§ **DESCRIPTION OF THE TASK**: Would you give the records below again, exactly and completely?

━━━━━ DATASET

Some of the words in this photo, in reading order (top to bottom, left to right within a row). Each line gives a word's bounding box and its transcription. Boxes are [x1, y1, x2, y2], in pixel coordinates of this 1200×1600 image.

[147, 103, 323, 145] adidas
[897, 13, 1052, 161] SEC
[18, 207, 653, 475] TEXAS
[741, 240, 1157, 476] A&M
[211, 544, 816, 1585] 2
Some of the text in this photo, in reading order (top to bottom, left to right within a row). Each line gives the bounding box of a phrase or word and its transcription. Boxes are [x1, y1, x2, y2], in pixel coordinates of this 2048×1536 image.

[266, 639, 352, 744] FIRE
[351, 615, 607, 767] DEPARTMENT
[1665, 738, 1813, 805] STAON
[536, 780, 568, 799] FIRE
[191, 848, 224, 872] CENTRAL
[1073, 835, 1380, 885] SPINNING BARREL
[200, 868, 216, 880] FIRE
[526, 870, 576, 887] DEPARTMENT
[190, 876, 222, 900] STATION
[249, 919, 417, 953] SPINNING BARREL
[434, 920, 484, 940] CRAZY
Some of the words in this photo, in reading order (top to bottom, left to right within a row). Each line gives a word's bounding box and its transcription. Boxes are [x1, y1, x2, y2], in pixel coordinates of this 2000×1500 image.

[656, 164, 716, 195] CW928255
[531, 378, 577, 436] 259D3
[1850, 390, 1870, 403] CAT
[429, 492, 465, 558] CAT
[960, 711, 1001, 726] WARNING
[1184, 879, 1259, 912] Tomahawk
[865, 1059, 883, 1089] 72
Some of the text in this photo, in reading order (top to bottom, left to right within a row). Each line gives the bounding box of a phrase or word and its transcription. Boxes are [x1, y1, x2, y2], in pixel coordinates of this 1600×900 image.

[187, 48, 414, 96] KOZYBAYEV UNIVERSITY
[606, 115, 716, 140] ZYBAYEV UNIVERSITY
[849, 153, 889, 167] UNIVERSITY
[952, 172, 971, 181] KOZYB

━━━━━━━━━━

§ **TASK OUTPUT**:
Some of the words in this photo, in reading order (top to bottom, left to right within a row). Each line gives a word's bounding box and its transcription. Boxes are [x1, y1, x2, y2], in pixel coordinates of this 1200×1600 image.

[147, 103, 323, 145] adidas
[897, 13, 1052, 161] SEC
[18, 207, 653, 475] TEXAS
[741, 240, 1157, 476] A&M
[211, 544, 816, 1585] 2
Some of the text in this photo, in reading order (top to bottom, left to right within a row). Each line gives the bounding box of a phrase or word and its transcription. Boxes are [x1, y1, x2, y2], in pixel coordinates of this 2048×1536 image.

[266, 639, 352, 744] FIRE
[351, 615, 607, 767] DEPARTMENT
[1665, 738, 1813, 805] STAON
[536, 780, 568, 799] FIRE
[191, 848, 224, 872] CENTRAL
[1073, 835, 1380, 885] SPINNING BARREL
[200, 868, 216, 880] FIRE
[526, 870, 576, 887] DEPARTMENT
[190, 876, 222, 900] STATION
[249, 919, 417, 953] SPINNING BARREL
[434, 920, 484, 940] CRAZY
Some of the words in this photo, in reading order (top to bottom, left to right within a row). Each line gives a word's bounding box and its transcription. Boxes are [x1, y1, x2, y2], in pixel coordinates of this 2000×1500 image.

[656, 164, 716, 195] CW928255
[531, 378, 577, 436] 259D3
[1850, 390, 1870, 403] CAT
[429, 492, 465, 558] CAT
[960, 711, 1001, 726] WARNING
[1184, 879, 1259, 912] Tomahawk
[865, 1059, 883, 1089] 72
Some of the text in this photo, in reading order (top to bottom, left to right within a row). Each line gives the bounding box of a phrase or word and its transcription. Boxes are [x1, y1, x2, y2], in pixel coordinates of this 1600×900 image.

[187, 48, 414, 96] KOZYBAYEV UNIVERSITY
[606, 115, 716, 140] ZYBAYEV UNIVERSITY
[849, 153, 889, 167] UNIVERSITY
[952, 172, 971, 181] KOZYB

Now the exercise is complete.